━━━ DATASET ENTRIES ━━━

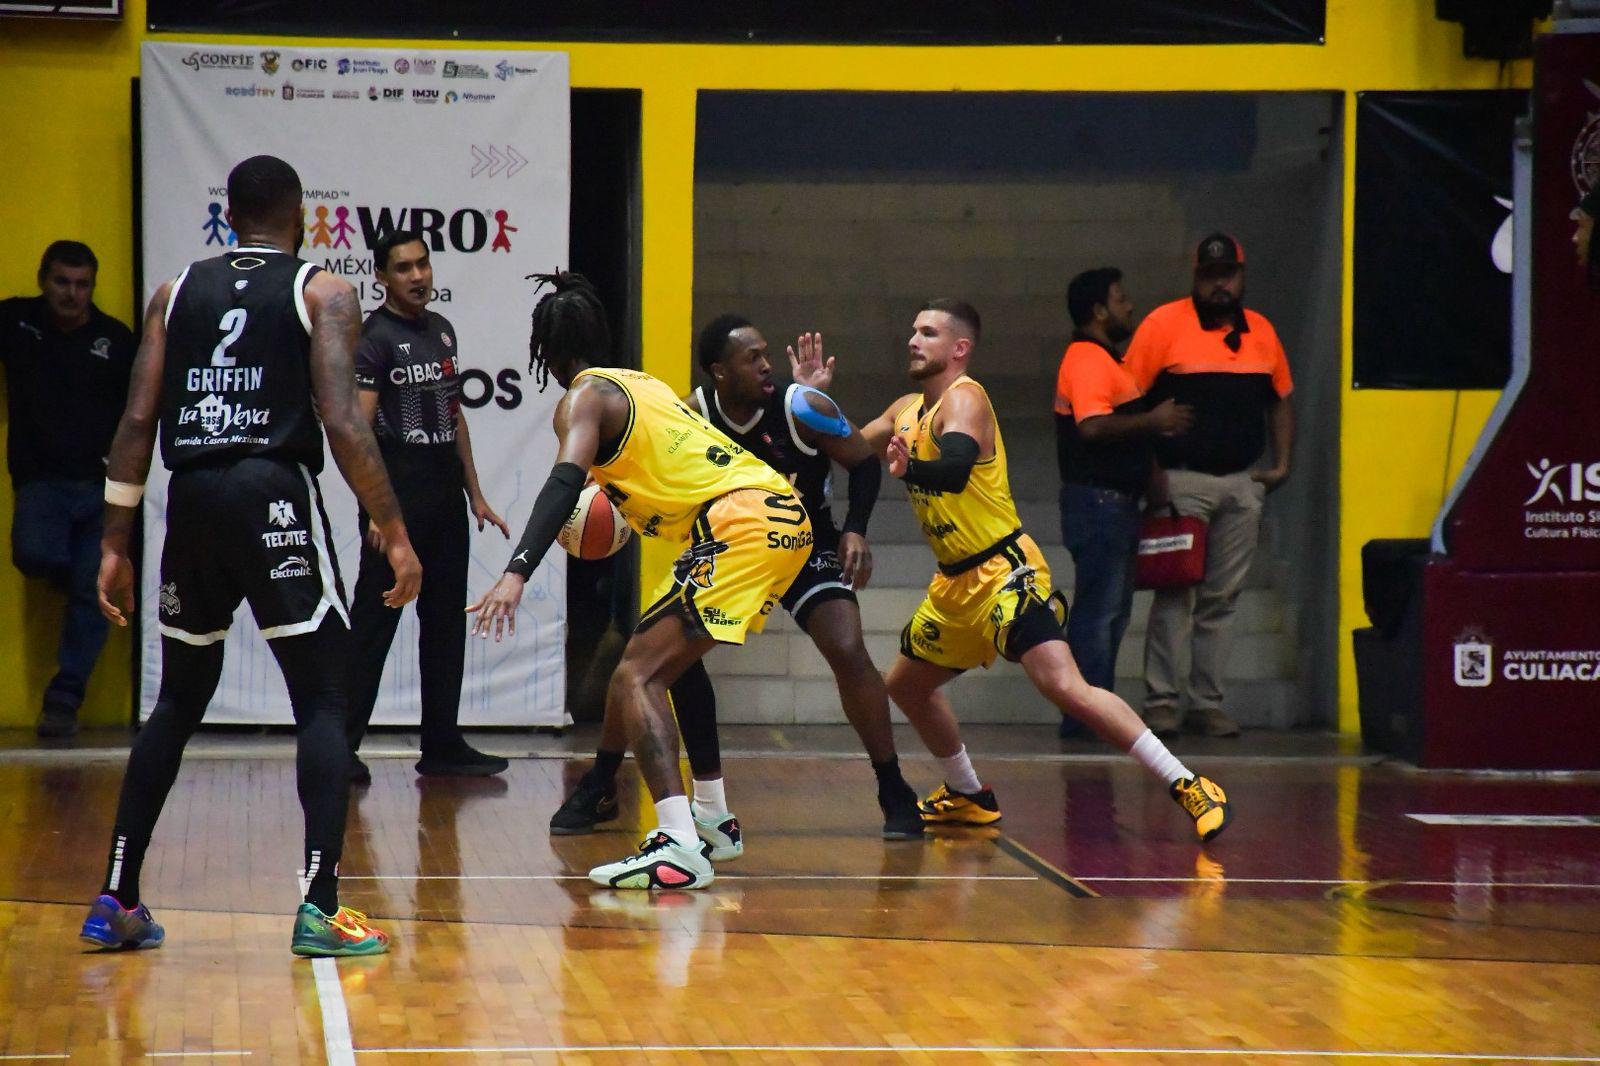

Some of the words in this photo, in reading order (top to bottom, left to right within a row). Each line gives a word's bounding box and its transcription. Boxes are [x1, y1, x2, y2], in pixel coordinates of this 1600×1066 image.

[384, 89, 404, 98] DIF
[412, 89, 439, 98] IMJU
[211, 308, 248, 367] 2
[187, 366, 264, 392] GRIFFIN
[1570, 463, 1600, 502] IS
[1525, 511, 1585, 522] Instituto
[262, 530, 308, 548] TECATE
[767, 531, 813, 552] SoniGa
[1525, 527, 1569, 538] Cultura

━━━

Omit the pictures, then print the rest of the listing above exactly.

SOLUTION FOR THIS TASK —
Some of the words in this photo, in reading order (top to bottom, left to right within a row). Each line gives a word's bounding box and its transcription. Boxes are [x1, y1, x2, y2], in pixel coordinates of this 1600×1066 image.

[384, 89, 404, 98] DIF
[412, 89, 439, 98] IMJU
[211, 308, 248, 367] 2
[187, 366, 264, 392] GRIFFIN
[1570, 463, 1600, 502] IS
[1525, 511, 1585, 522] Instituto
[262, 530, 308, 548] TECATE
[767, 531, 813, 552] SoniGa
[1525, 527, 1569, 538] Cultura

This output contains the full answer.